DESCRIPTION OF THE TASK: Repeat the data exactly, so that every line matches the original.

- Opening Delimiter -

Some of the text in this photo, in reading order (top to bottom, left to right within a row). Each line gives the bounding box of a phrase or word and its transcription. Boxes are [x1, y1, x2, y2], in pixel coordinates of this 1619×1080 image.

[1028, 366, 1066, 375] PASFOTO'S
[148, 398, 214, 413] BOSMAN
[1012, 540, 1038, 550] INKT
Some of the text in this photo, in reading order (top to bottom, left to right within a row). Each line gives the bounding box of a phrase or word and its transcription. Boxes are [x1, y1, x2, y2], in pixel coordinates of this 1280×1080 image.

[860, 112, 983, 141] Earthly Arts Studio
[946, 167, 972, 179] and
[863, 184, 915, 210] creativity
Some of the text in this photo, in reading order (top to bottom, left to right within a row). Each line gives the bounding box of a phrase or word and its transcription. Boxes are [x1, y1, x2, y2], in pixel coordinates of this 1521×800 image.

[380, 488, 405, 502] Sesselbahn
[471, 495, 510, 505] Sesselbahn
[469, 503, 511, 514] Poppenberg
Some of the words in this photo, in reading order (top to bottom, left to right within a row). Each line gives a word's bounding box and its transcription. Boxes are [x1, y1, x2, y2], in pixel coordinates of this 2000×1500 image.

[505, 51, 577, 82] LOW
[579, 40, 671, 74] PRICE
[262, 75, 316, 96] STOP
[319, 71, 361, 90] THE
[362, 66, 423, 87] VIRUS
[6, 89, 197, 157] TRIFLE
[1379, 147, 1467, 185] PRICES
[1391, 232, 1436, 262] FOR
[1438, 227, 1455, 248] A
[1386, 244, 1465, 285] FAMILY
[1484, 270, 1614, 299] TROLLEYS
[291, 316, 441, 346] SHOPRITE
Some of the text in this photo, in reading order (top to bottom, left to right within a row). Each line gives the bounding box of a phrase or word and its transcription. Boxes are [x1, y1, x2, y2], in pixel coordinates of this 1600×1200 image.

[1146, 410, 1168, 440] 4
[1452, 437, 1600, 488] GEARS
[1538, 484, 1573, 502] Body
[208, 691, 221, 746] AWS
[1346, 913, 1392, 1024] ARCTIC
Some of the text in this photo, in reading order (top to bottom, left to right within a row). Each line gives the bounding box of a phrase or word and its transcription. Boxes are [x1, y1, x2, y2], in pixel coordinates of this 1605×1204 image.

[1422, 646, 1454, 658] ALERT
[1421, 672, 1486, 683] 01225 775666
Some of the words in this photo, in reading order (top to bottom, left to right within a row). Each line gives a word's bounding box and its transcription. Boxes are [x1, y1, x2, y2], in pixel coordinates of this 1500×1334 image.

- Closing Delimiter -

RESPONSE:
Some of the text in this photo, in reading order (top to bottom, left to right within a row). Each line gives the bounding box of a phrase or word and its transcription. Boxes are [x1, y1, x2, y2], in pixel coordinates of this 1619×1080 image.

[1028, 366, 1066, 375] PASFOTO'S
[148, 398, 214, 413] BOSMAN
[1012, 540, 1038, 550] INKT
Some of the text in this photo, in reading order (top to bottom, left to right within a row). Each line gives the bounding box of a phrase or word and its transcription. Boxes are [x1, y1, x2, y2], in pixel coordinates of this 1280×1080 image.

[860, 112, 983, 141] Earthly Arts Studio
[946, 167, 972, 179] and
[863, 184, 915, 210] creativity
Some of the text in this photo, in reading order (top to bottom, left to right within a row). Each line gives the bounding box of a phrase or word and its transcription. Boxes are [x1, y1, x2, y2], in pixel coordinates of this 1521×800 image.

[380, 488, 405, 502] Sesselbahn
[471, 495, 510, 505] Sesselbahn
[469, 503, 511, 514] Poppenberg
Some of the words in this photo, in reading order (top to bottom, left to right within a row). Each line gives a word's bounding box and its transcription. Boxes are [x1, y1, x2, y2], in pixel coordinates of this 2000×1500 image.

[505, 51, 577, 82] LOW
[579, 40, 671, 74] PRICE
[262, 75, 316, 96] STOP
[319, 71, 361, 90] THE
[362, 66, 423, 87] VIRUS
[6, 89, 197, 157] TRIFLE
[1379, 147, 1467, 185] PRICES
[1391, 232, 1436, 262] FOR
[1438, 227, 1455, 248] A
[1386, 244, 1465, 285] FAMILY
[1484, 270, 1614, 299] TROLLEYS
[291, 316, 441, 346] SHOPRITE
Some of the text in this photo, in reading order (top to bottom, left to right within a row). Each line gives the bounding box of a phrase or word and its transcription. Boxes are [x1, y1, x2, y2], in pixel coordinates of this 1600×1200 image.

[1146, 410, 1168, 440] 4
[1452, 437, 1600, 488] GEARS
[1538, 484, 1573, 502] Body
[208, 691, 221, 746] AWS
[1346, 913, 1392, 1024] ARCTIC
Some of the text in this photo, in reading order (top to bottom, left to right within a row). Each line gives the bounding box of a phrase or word and its transcription. Boxes are [x1, y1, x2, y2], in pixel coordinates of this 1605×1204 image.

[1422, 646, 1454, 658] ALERT
[1421, 672, 1486, 683] 01225 775666
Some of the words in this photo, in reading order (top to bottom, left to right within a row). Each line gives a word's bounding box and its transcription. Boxes are [x1, y1, x2, y2], in pixel coordinates of this 1500×1334 image.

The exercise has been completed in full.